At present, as the real estate upstream and downstream enterprises to private enterprises, the labor market clearance may be better than the 90's by the "zombie enterprise" drag Japan, conducive to economic recovery. However, the local government for private enterprises to sell houses at reduced prices there are still more restrictions, debt default private real estate developers related to asset clearance in the existence of "guarantee delivery of buildings" and other factors, whether in accordance with the principles of marketization and the rule of law to quickly clear is still unclear. Therefore, although the price adjustment of the secondary housing market in many cities in China has been relatively rapid, and the degree of clearance may be better than that of the Japanese real estate market, which took more than a decade to clear, it may not have fully absorbed the impact of the clearance of the primary housing market and the land market.
The bigger trouble is the problem of liquidation of local state-owned asset sectors related to local financing platforms. The debt of a large number of urban investment companies is essentially the debt of local governments, which should be systematically liquidated, and all kinds of assets, including local state-owned enterprises, should be disposed of in a market-oriented manner to repay the debt, even with reference to the case of debt restructuring of the United States municipal government of Detroit, and some of the local governments themselves should be downsized and slimmed down. After creditors have fully exercised their power of debt restructuring and bankruptcy liquidation, debt write-downs can be made if repayment is really impossible. In the process of market-based disposal of assets, the highest bidder who is also the most efficient buyer gets the right to use the resources, which of course brings about an increase in the productivity of society as a whole.
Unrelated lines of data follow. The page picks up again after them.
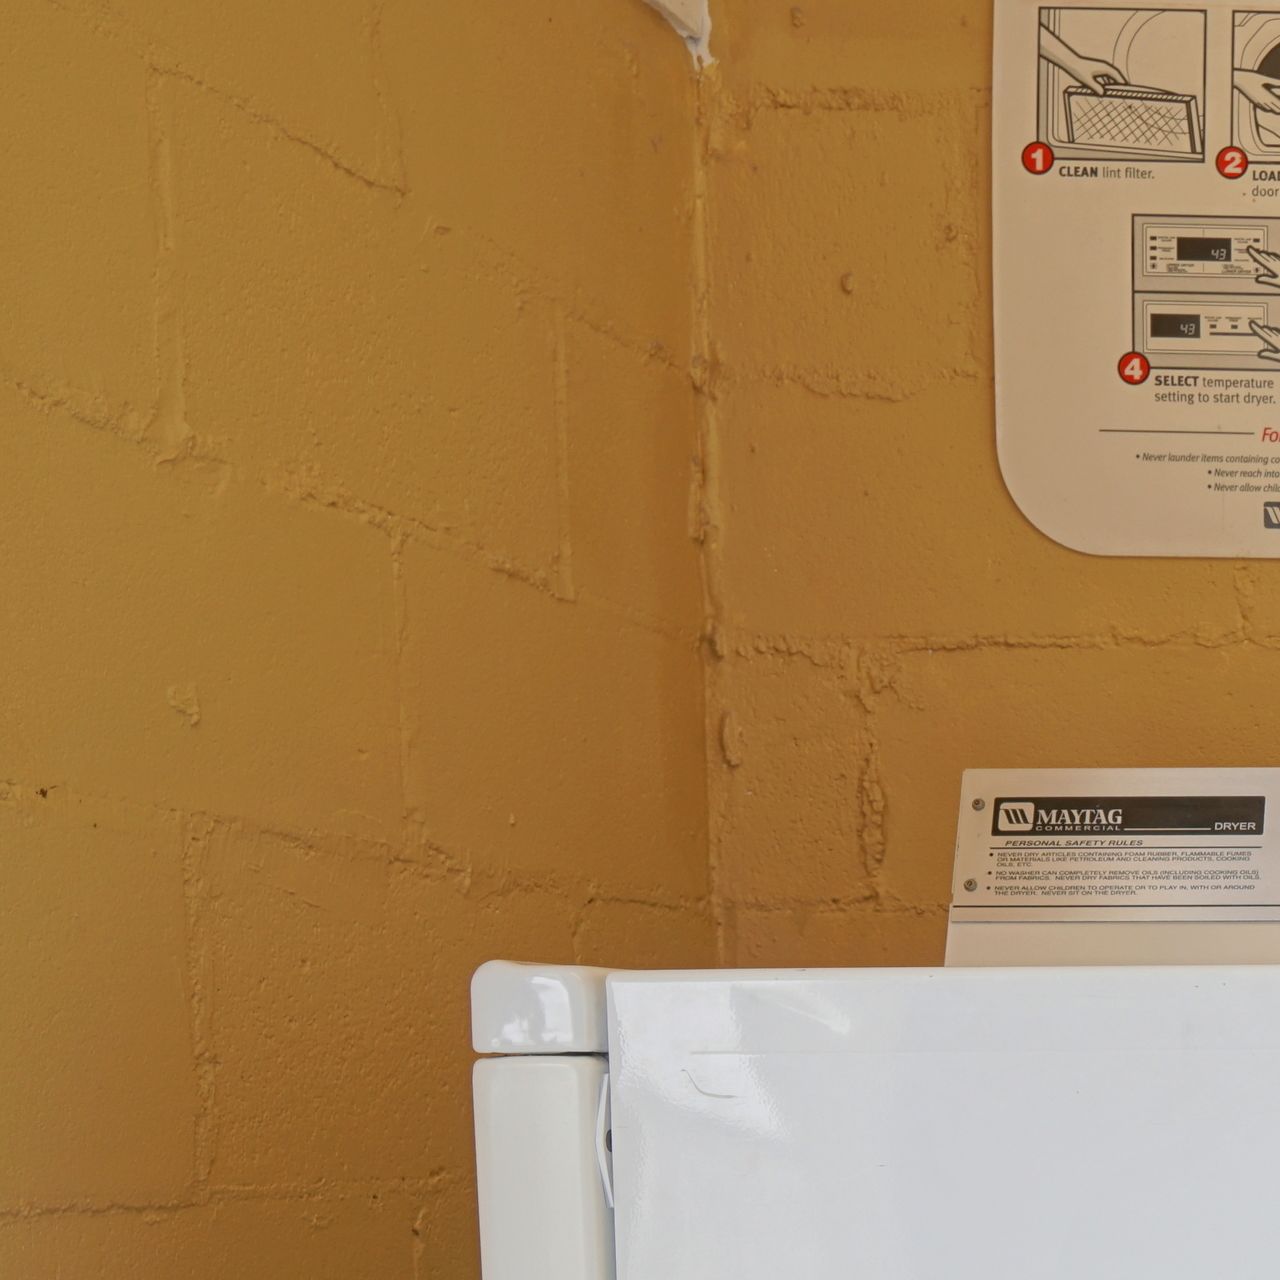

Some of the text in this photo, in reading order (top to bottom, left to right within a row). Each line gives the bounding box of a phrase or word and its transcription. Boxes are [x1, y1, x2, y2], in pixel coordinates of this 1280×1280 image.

[1031, 148, 1155, 179] 1 CLEAN lint filter.
[1223, 151, 1242, 174] 2
[1251, 186, 1279, 198] door
[1211, 249, 1227, 260] 43
[1179, 323, 1195, 335] 43
[1124, 358, 1274, 390] 4 SELECT temperature
[1154, 390, 1276, 406] setting to start dryer.
[1142, 452, 1167, 462] Never
[1168, 453, 1200, 463] launder
[1201, 453, 1224, 463] items
[1225, 454, 1268, 465] containing
[1214, 468, 1238, 477] Never
[1239, 469, 1262, 478] reach
[1264, 469, 1280, 478] into
[1214, 482, 1238, 492] Never
[1239, 483, 1261, 492] allow
[1037, 808, 1123, 825] MAYTAG
[1214, 822, 1256, 830] DRYER
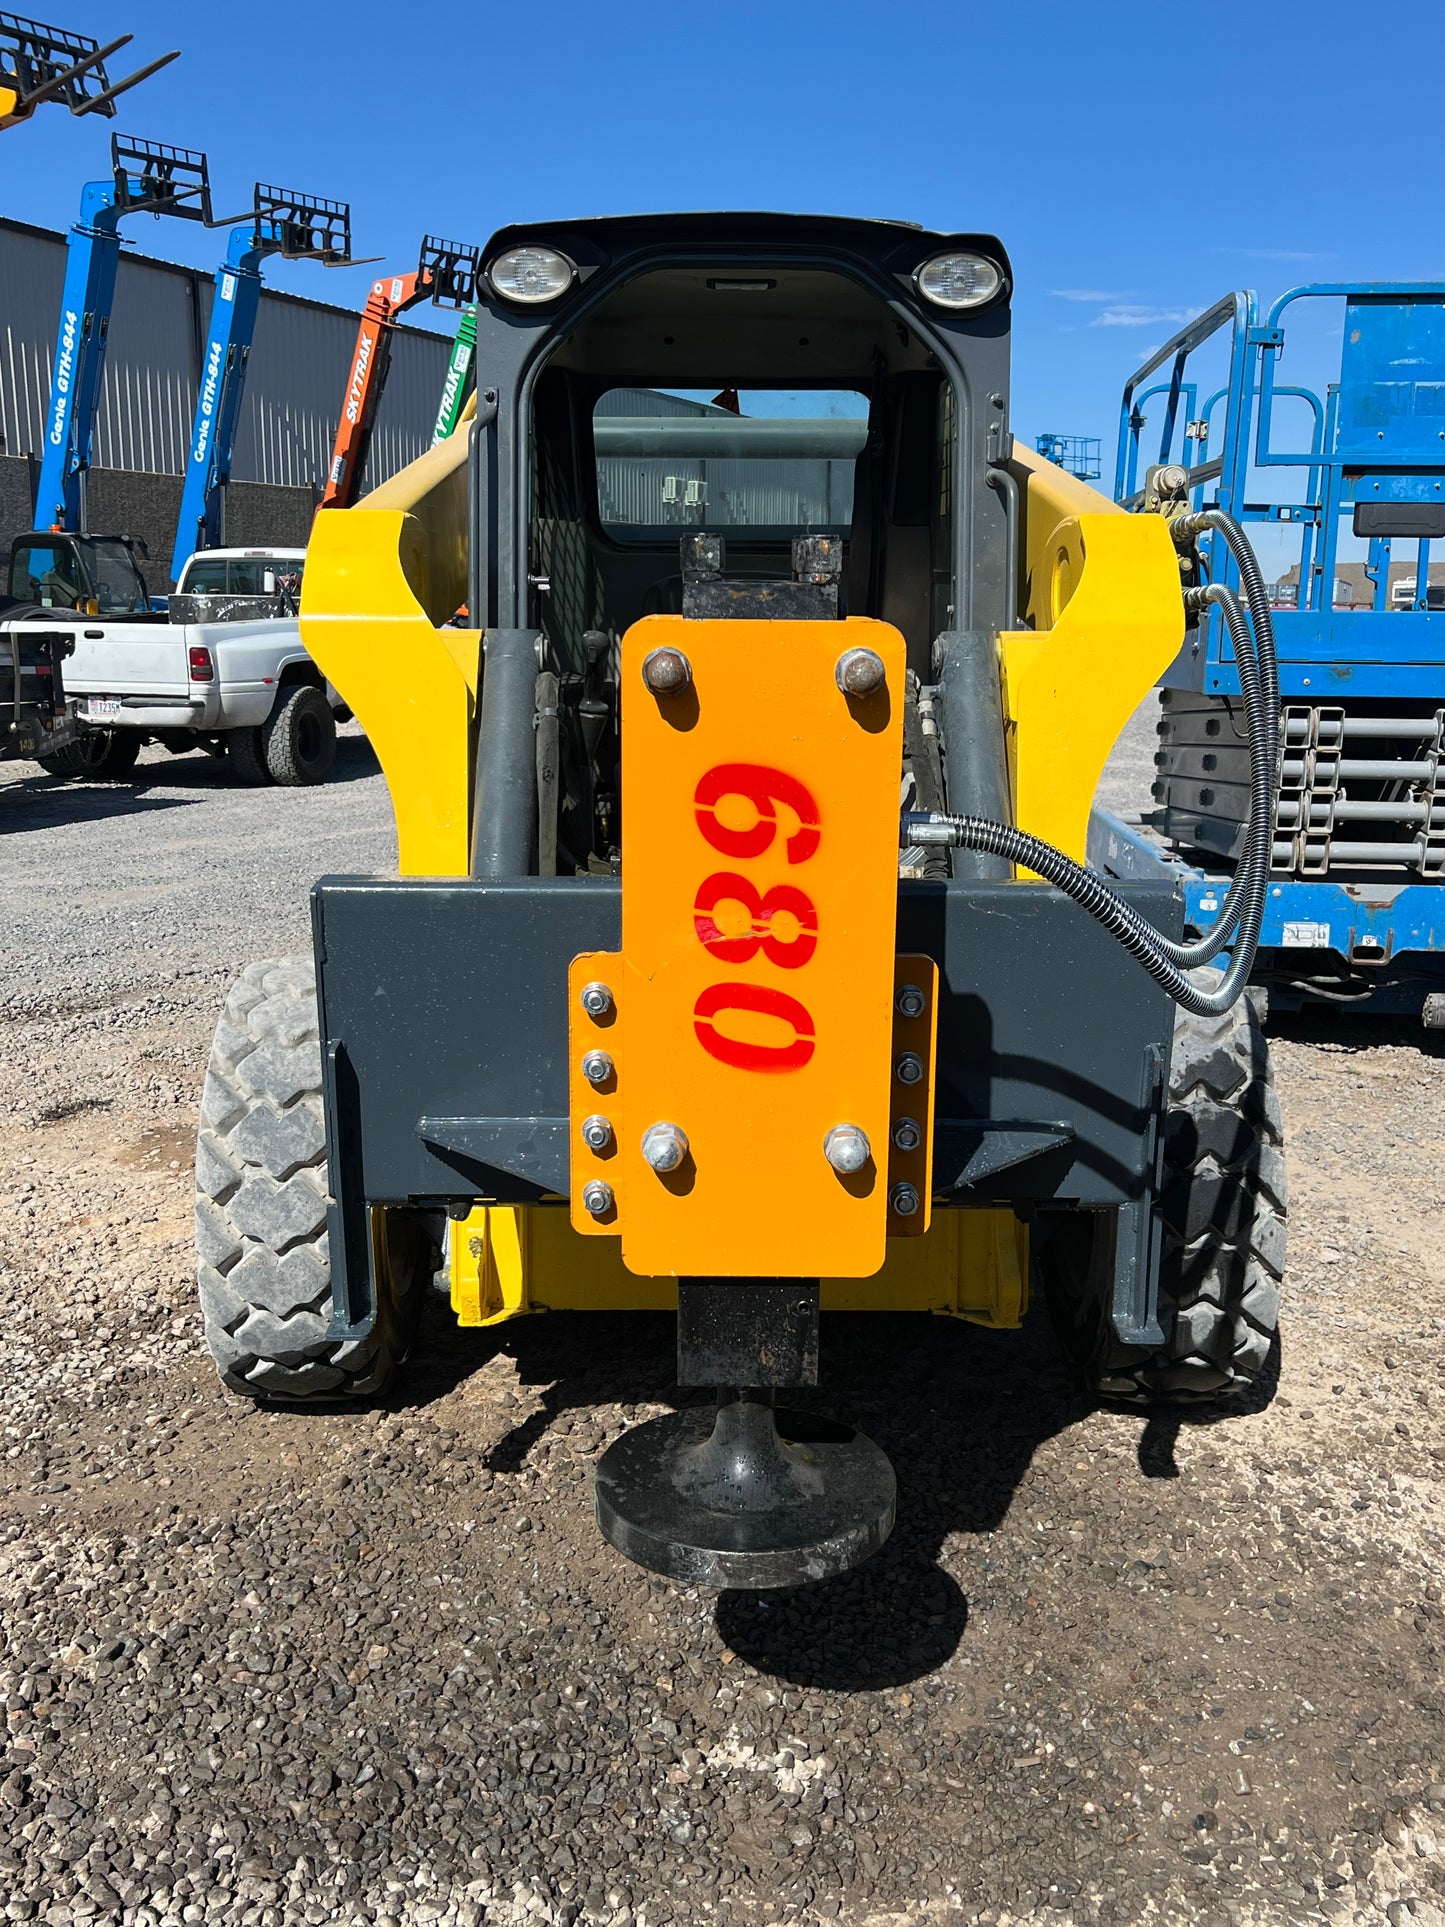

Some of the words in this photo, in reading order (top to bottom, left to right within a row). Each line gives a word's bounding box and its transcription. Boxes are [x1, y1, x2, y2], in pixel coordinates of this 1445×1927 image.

[57, 310, 78, 393] GTH-844
[202, 341, 223, 416] GTH-844
[346, 332, 373, 424] SKYTRAK
[50, 397, 67, 445] Genie
[194, 419, 211, 463] Genie
[430, 365, 461, 450] KYTRAK
[693, 763, 821, 1074] 680
However, some cases of debt restructuring that have emerged in reality carry the risk of creating zombie enterprises. For example, under local intervention, the real sector with urban investment companies and local state-owned capital did not make any adjustments, but simply asked financial institutions to lengthen the term of the loan, reduce the interest rate on the loan, and realize the debt roll-over. The essence of this is to implement subsidies for inefficient sectors. The income before interest and taxes can not repay the interest, the need for subsidies to survive the enterprise is the basic definition of "zombie enterprises".
I think, in the real estate market has experienced a deep adjustment and the old reliance on real estate-driven economic growth model has been irretrievable after the policymakers need to break the resolve of a strong man, the courage to break the boat, break the barriers of thought, to overcome the obstruction of the interest groups, to promote China's economy to fully clear. Do not make Japan's lessons for China to become "the Qin people do not have time to mourn themselves, and the next person to mourn; the next person to mourn and not learn from it, but also to make the next person and the next person to mourn the next person also" situation.